- **Action item**: Please output all the entries word for word, without the pictures.

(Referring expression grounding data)
== Segment start ==

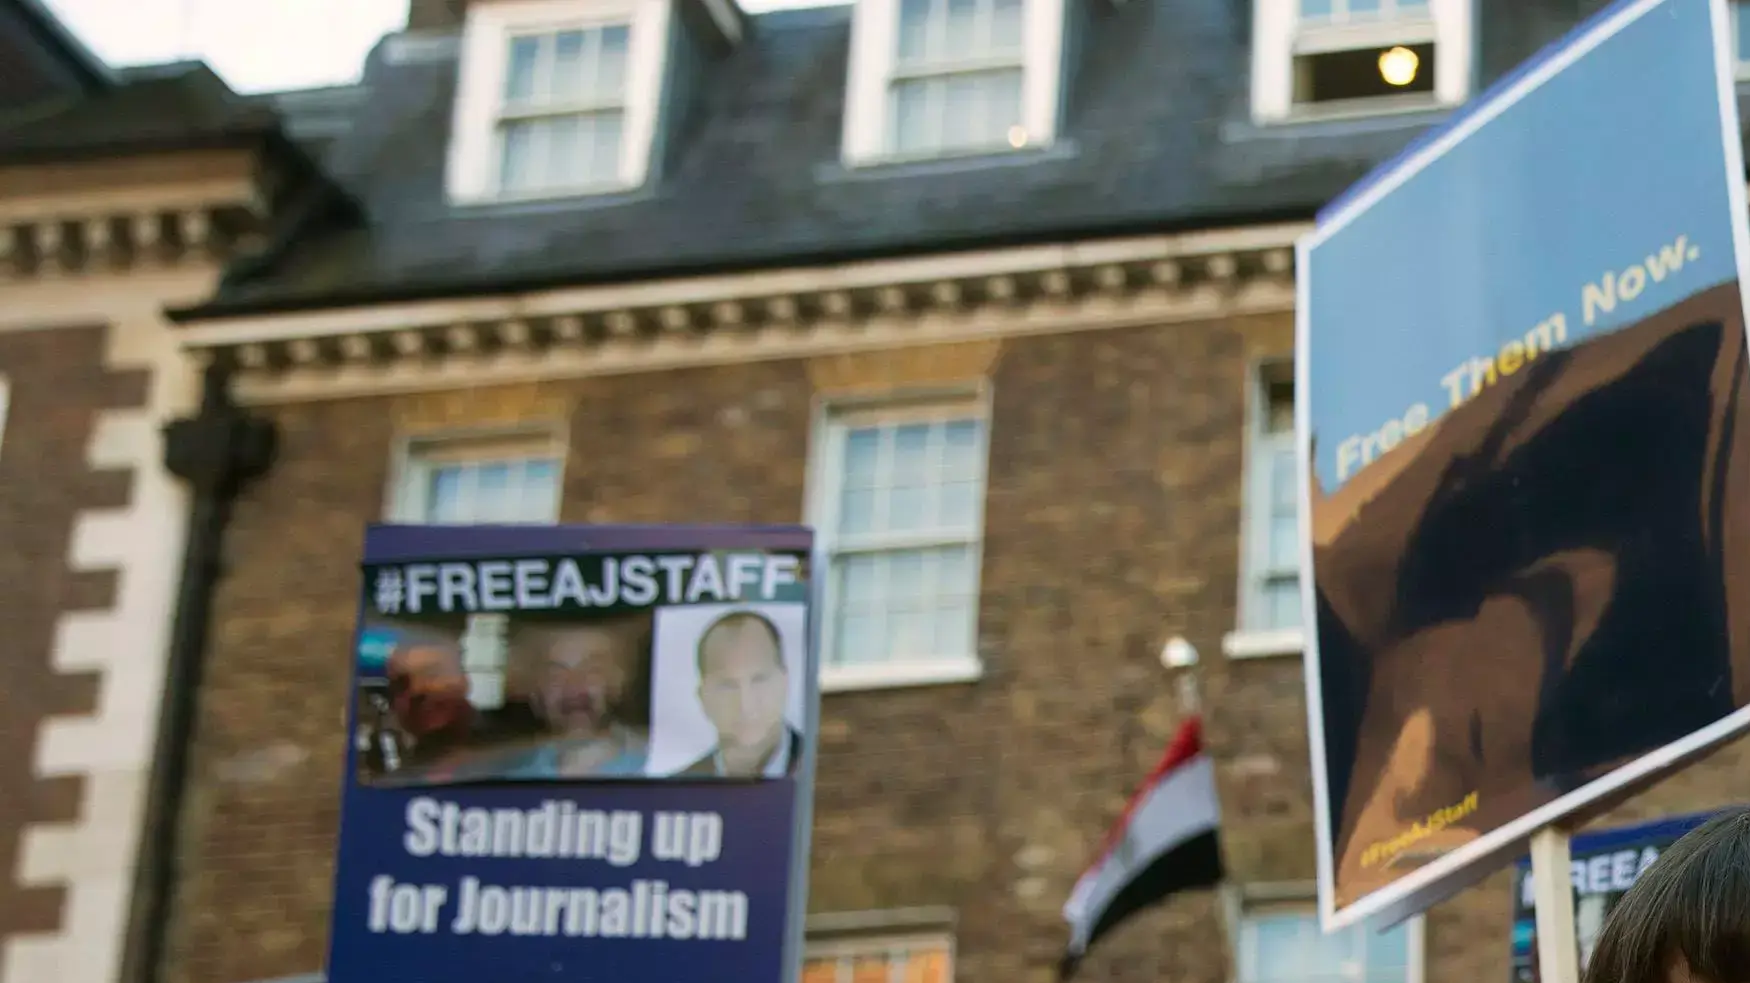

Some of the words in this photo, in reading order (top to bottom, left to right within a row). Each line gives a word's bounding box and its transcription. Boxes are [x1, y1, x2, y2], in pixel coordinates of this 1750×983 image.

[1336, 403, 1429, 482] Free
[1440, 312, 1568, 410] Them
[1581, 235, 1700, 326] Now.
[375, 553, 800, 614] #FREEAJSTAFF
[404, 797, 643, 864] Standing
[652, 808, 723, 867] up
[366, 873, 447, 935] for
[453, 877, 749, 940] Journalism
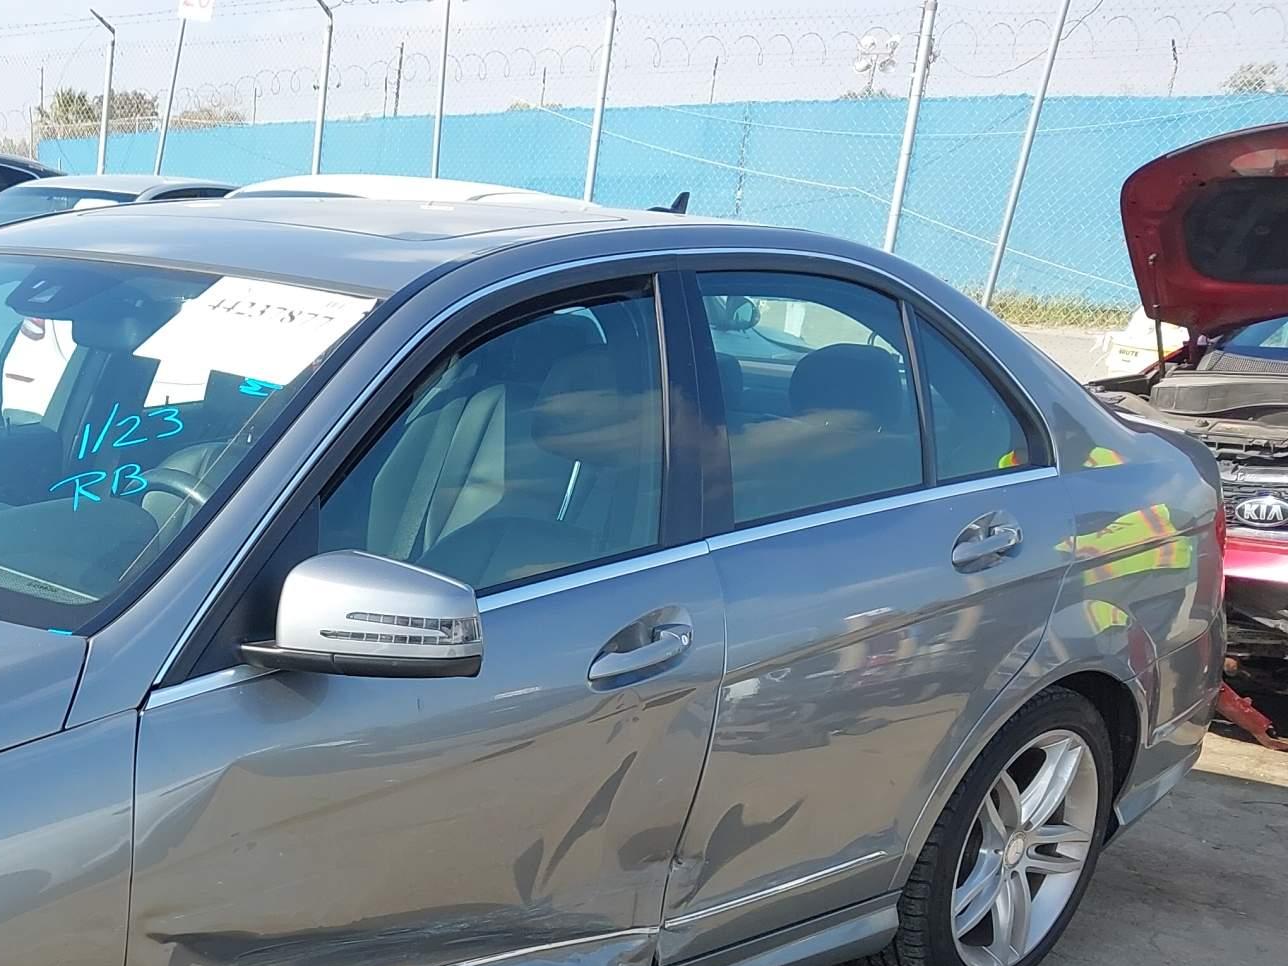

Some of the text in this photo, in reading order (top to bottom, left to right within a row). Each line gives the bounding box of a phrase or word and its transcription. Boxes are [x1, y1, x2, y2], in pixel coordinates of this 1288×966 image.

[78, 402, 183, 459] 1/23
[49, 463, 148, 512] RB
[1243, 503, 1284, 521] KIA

== Segment end ==

- **Your solution**:
Some of the words in this photo, in reading order (top to bottom, left to right within a row). Each line gives a word's bounding box and its transcription. Boxes are [x1, y1, x2, y2], in pixel coordinates of this 1750×983 image.

[1336, 403, 1429, 482] Free
[1440, 312, 1568, 410] Them
[1581, 235, 1700, 326] Now.
[375, 553, 800, 614] #FREEAJSTAFF
[404, 797, 643, 864] Standing
[652, 808, 723, 867] up
[366, 873, 447, 935] for
[453, 877, 749, 940] Journalism

Some of the text in this photo, in reading order (top to bottom, left to right within a row). Each line gives the bounding box of a phrase or word and its transcription. Boxes are [x1, y1, x2, y2], in pixel coordinates of this 1288×966 image.

[78, 402, 183, 459] 1/23
[49, 463, 148, 512] RB
[1243, 503, 1284, 521] KIA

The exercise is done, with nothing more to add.